▶ What the task asks: Return each entry word for word. Leave the images out.

▶ Data supplied:

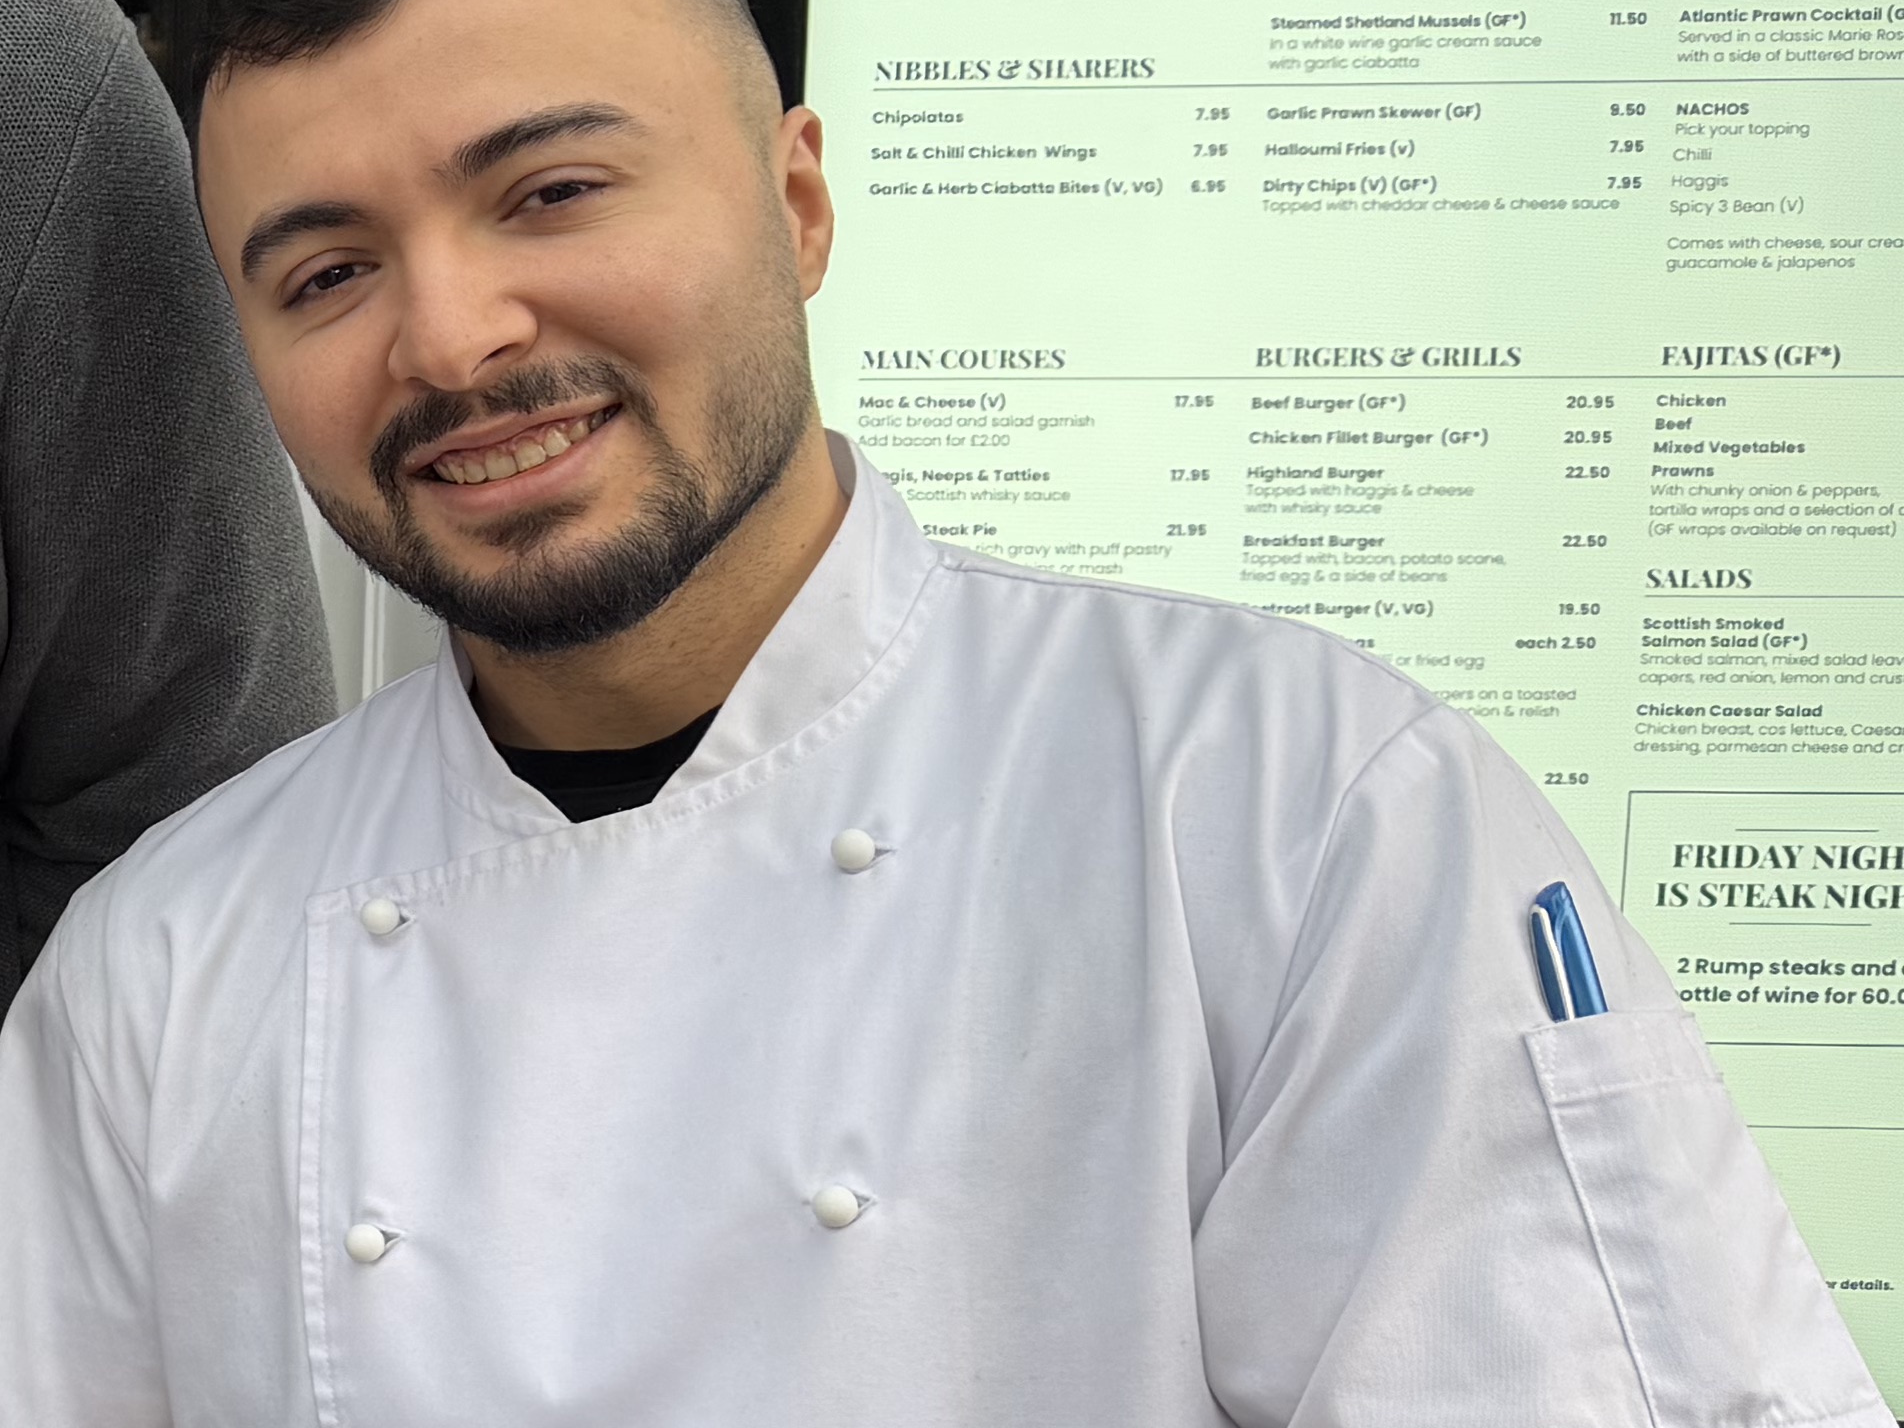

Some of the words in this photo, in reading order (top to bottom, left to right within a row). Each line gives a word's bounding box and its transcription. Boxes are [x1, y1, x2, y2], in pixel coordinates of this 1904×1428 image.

[876, 60, 990, 81] NIBBLES
[998, 60, 1021, 80] &
[1028, 58, 1154, 80] SHARERS
[1676, 103, 1749, 115] NACHOS
[862, 350, 933, 369] MAIN
[941, 350, 1065, 369] COURSES
[1256, 348, 1383, 367] BURGERS
[1390, 347, 1415, 367] &
[1422, 347, 1521, 367] GRILLS
[1662, 346, 1767, 370] FAJITAS
[1656, 394, 1726, 407] Chicken
[1655, 417, 1692, 430] Beef
[1653, 440, 1704, 453] Mixed
[1709, 441, 1805, 457] Vegetables
[1652, 465, 1714, 477] Prawns
[1647, 569, 1751, 589] SALADS
[1636, 703, 1705, 716] Chicken
[1710, 705, 1771, 717] Caesar
[1776, 705, 1822, 717] Salad
[1674, 844, 1803, 869] FRIDAY
[1813, 846, 1904, 870] NIGH
[1656, 883, 1688, 907] IS
[1698, 883, 1815, 908] STEAK
[1824, 885, 1904, 909] NIG
[1678, 958, 1689, 973] 2
[1695, 959, 1763, 980] Rump
[1769, 959, 1845, 976] steaks
[1851, 960, 1896, 976] and
[1679, 986, 1731, 1002] ottle
[1737, 986, 1760, 1002] of
[1765, 986, 1819, 1003] wine
[1825, 987, 1857, 1004] for
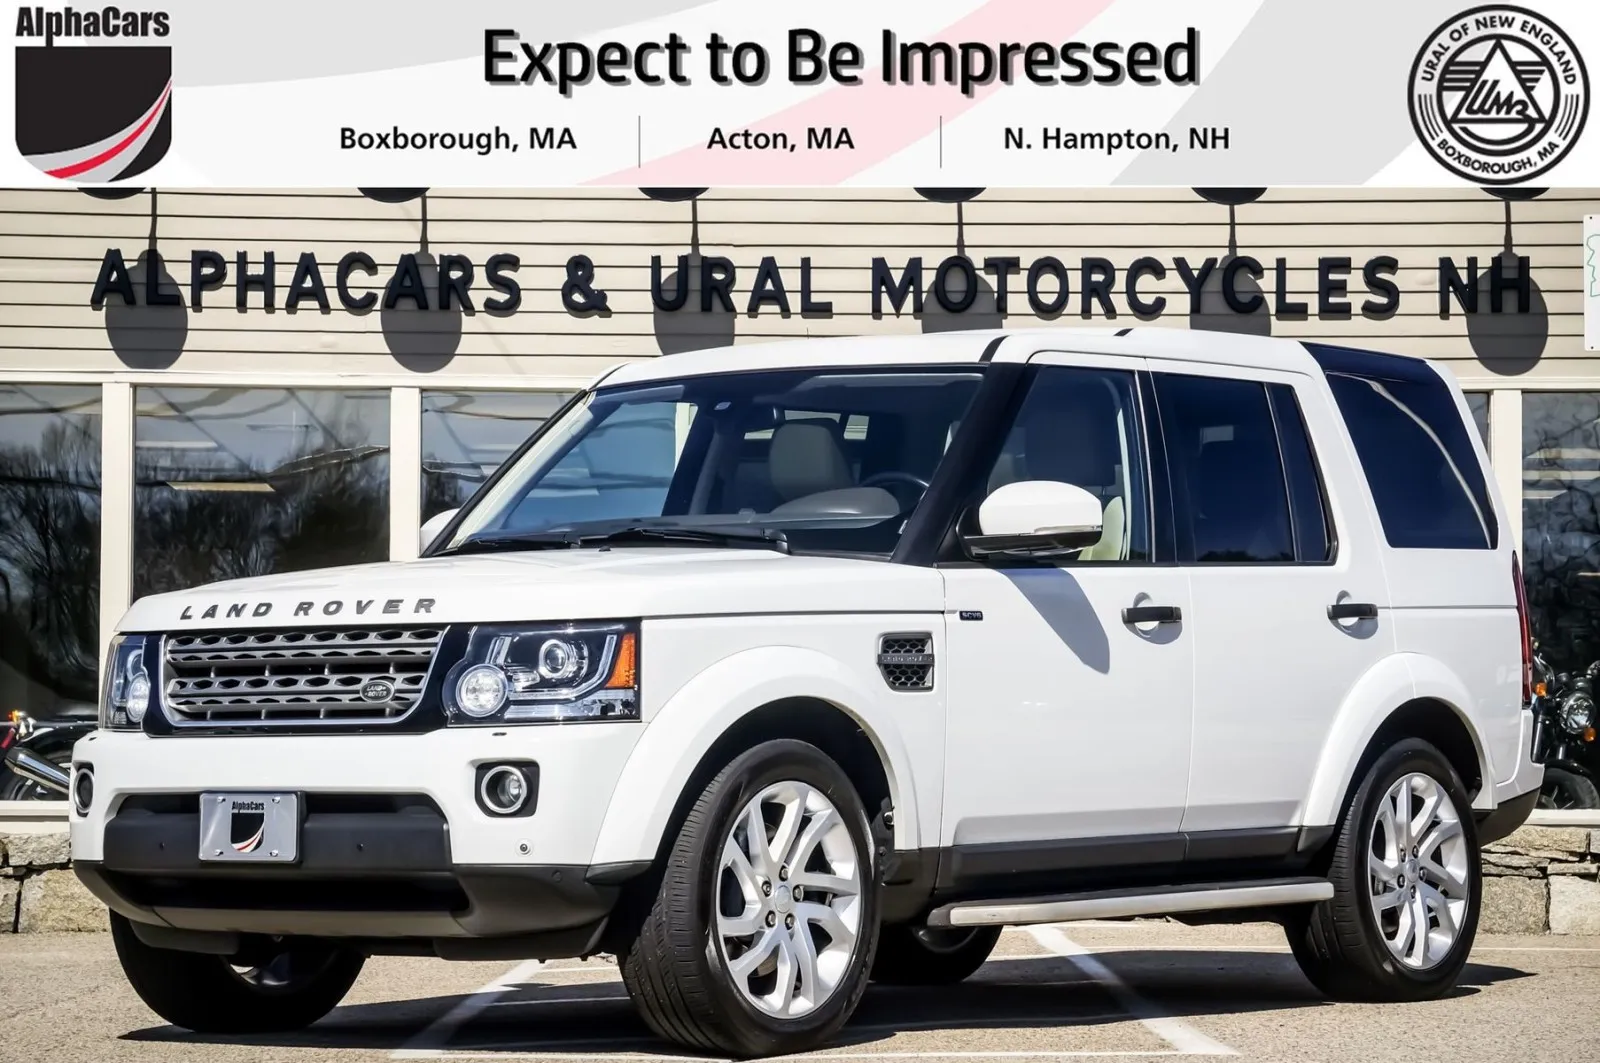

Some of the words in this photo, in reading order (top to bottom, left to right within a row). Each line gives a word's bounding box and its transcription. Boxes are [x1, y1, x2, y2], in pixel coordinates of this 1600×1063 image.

[91, 247, 522, 314] ALPHACARS
[561, 253, 612, 318] &
[650, 254, 834, 319] URAL
[872, 254, 1401, 321] MOTORCYCLES
[1438, 256, 1532, 320] NH
[179, 602, 274, 620] LAND
[293, 598, 436, 617] ROVER
[231, 801, 265, 813] AlphaCars
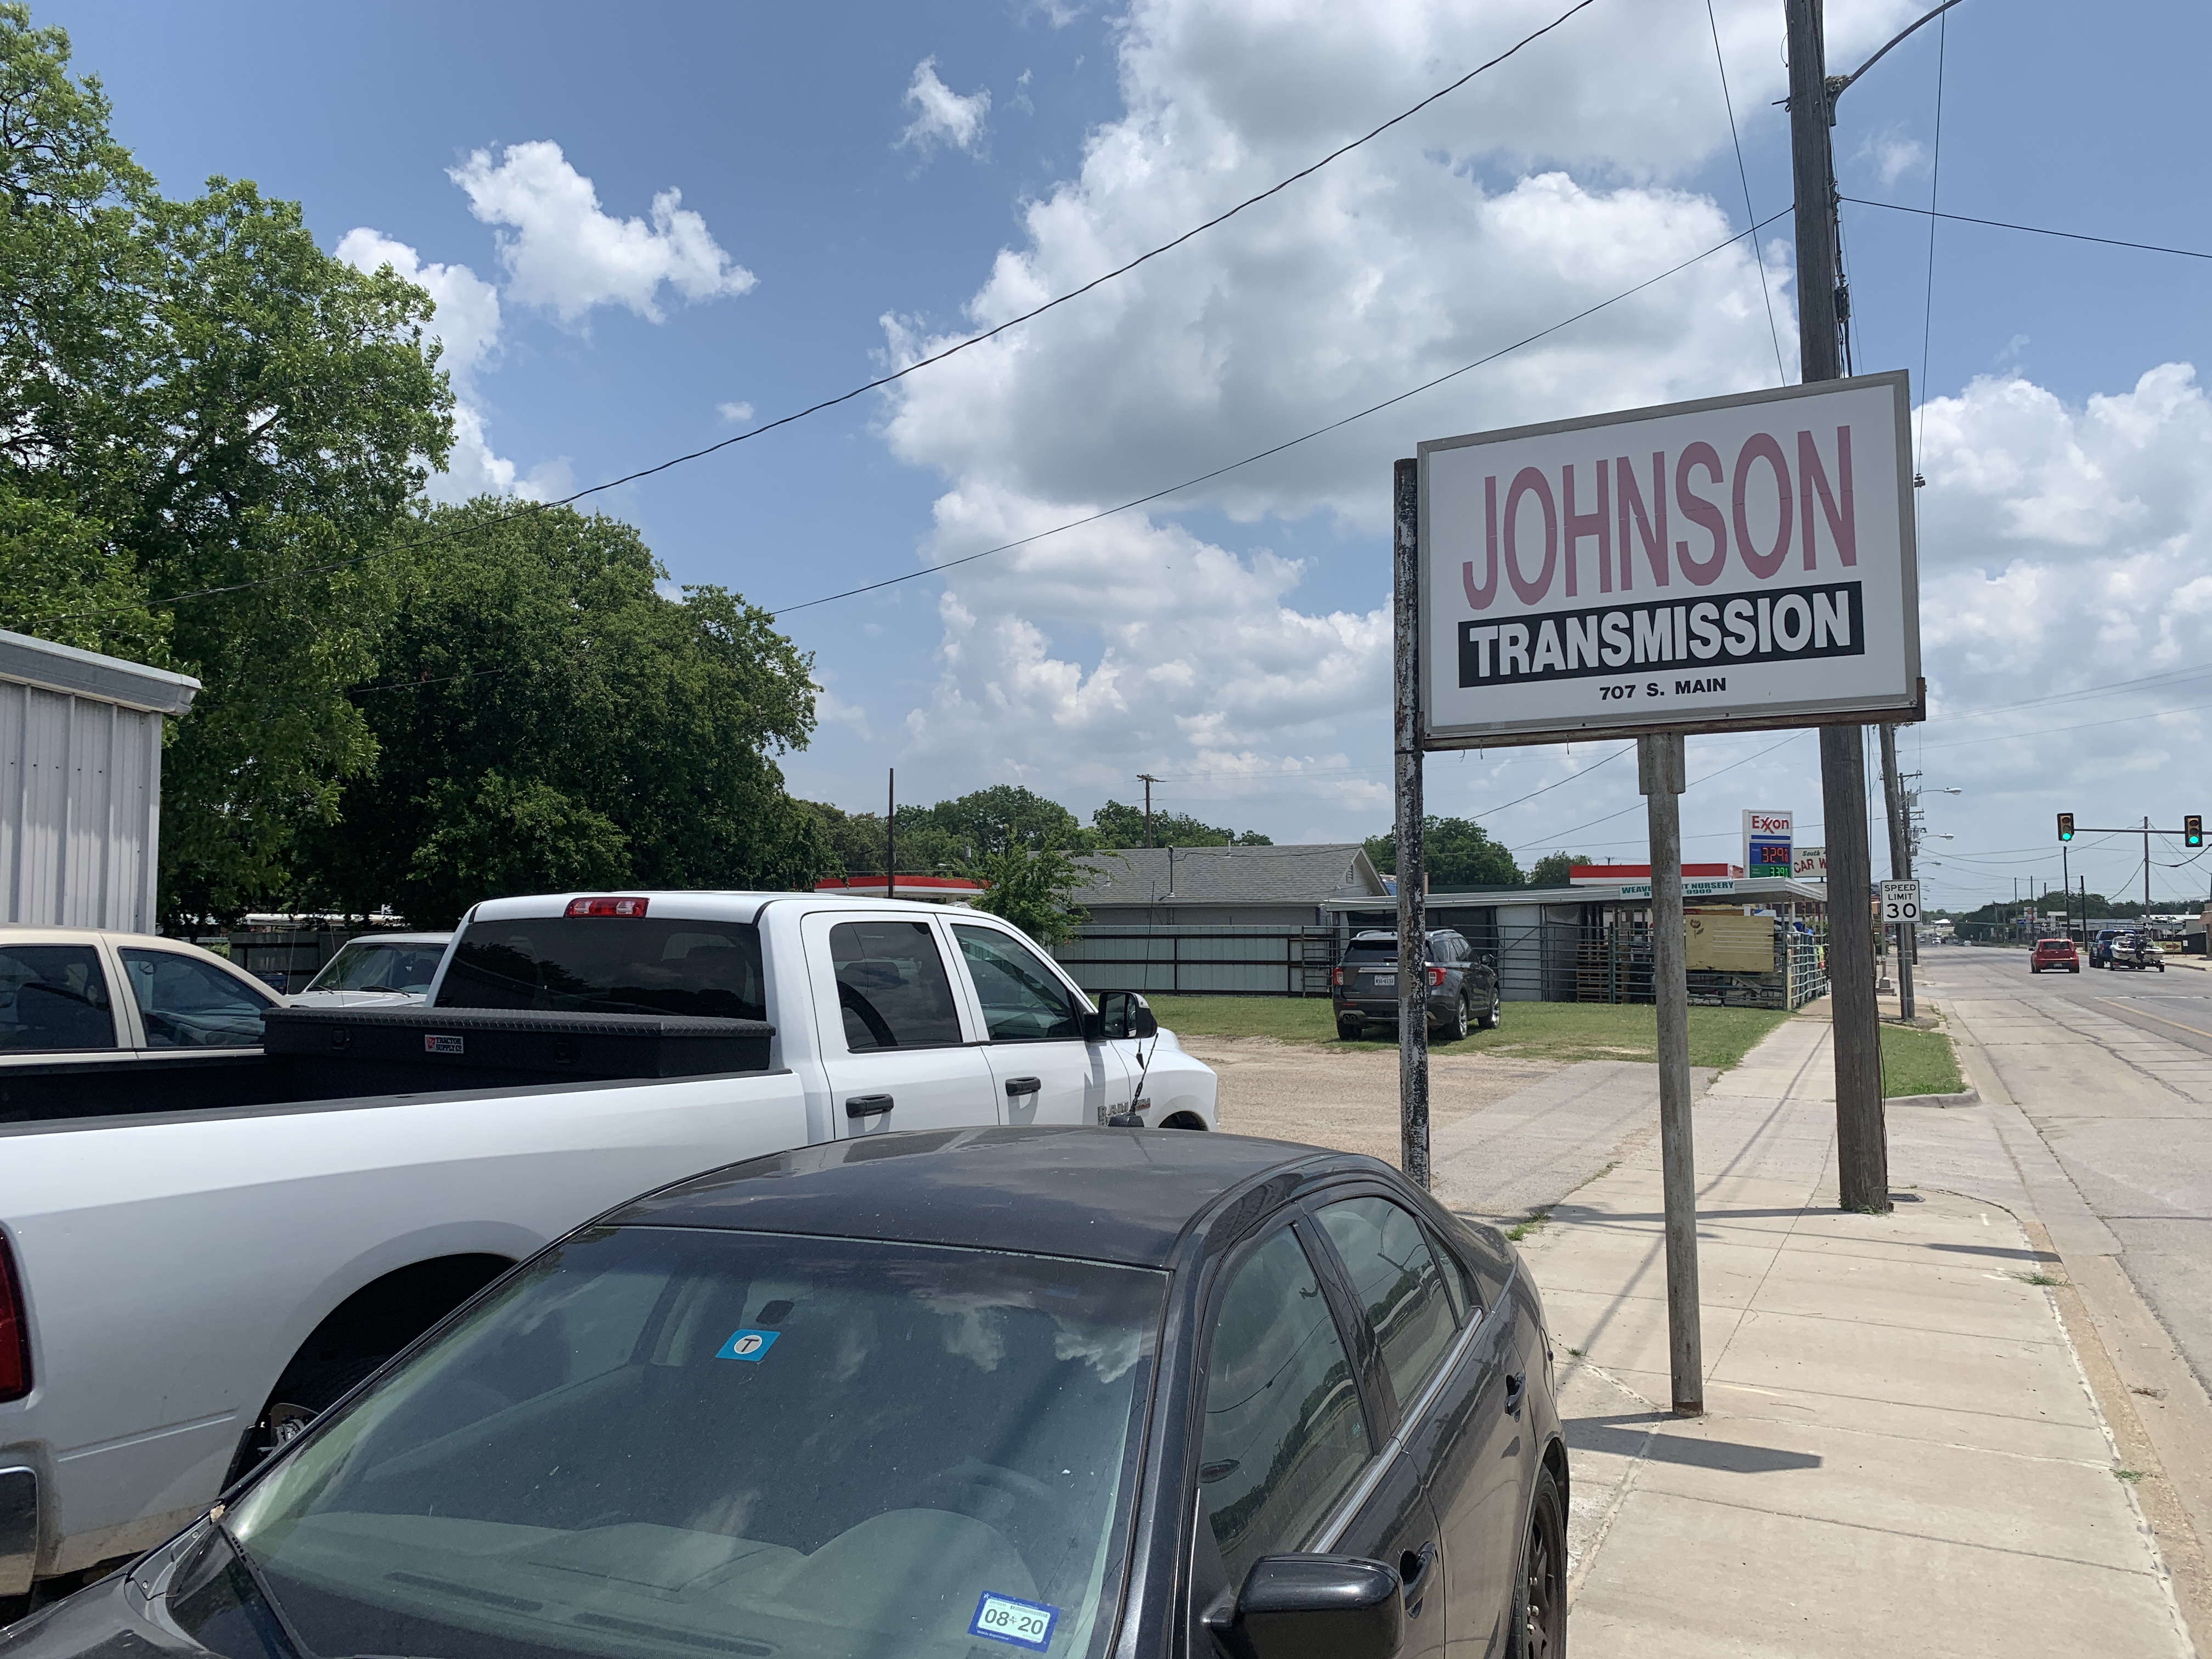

▶ Solution below:
Some of the words in this photo, in reading order (top to bottom, left to right within a row). Each line gives a word's bounding box and its transcription. Boxes are [x1, y1, x2, y2], in pixel coordinates of this 1904×1428 image.

[876, 60, 990, 81] NIBBLES
[998, 60, 1021, 80] &
[1028, 58, 1154, 80] SHARERS
[1676, 103, 1749, 115] NACHOS
[862, 350, 933, 369] MAIN
[941, 350, 1065, 369] COURSES
[1256, 348, 1383, 367] BURGERS
[1390, 347, 1415, 367] &
[1422, 347, 1521, 367] GRILLS
[1662, 346, 1767, 370] FAJITAS
[1656, 394, 1726, 407] Chicken
[1655, 417, 1692, 430] Beef
[1653, 440, 1704, 453] Mixed
[1709, 441, 1805, 457] Vegetables
[1652, 465, 1714, 477] Prawns
[1647, 569, 1751, 589] SALADS
[1636, 703, 1705, 716] Chicken
[1710, 705, 1771, 717] Caesar
[1776, 705, 1822, 717] Salad
[1674, 844, 1803, 869] FRIDAY
[1813, 846, 1904, 870] NIGH
[1656, 883, 1688, 907] IS
[1698, 883, 1815, 908] STEAK
[1824, 885, 1904, 909] NIG
[1678, 958, 1689, 973] 2
[1695, 959, 1763, 980] Rump
[1769, 959, 1845, 976] steaks
[1851, 960, 1896, 976] and
[1679, 986, 1731, 1002] ottle
[1737, 986, 1760, 1002] of
[1765, 986, 1819, 1003] wine
[1825, 987, 1857, 1004] for

Some of the words in this photo, in reading order (top to bottom, left to right within a row). Each line gives a word's bounding box and its transcription. Boxes are [x1, y1, x2, y2], in pixel coordinates of this 1600×1063 image.

[91, 247, 522, 314] ALPHACARS
[561, 253, 612, 318] &
[650, 254, 834, 319] URAL
[872, 254, 1401, 321] MOTORCYCLES
[1438, 256, 1532, 320] NH
[179, 602, 274, 620] LAND
[293, 598, 436, 617] ROVER
[231, 801, 265, 813] AlphaCars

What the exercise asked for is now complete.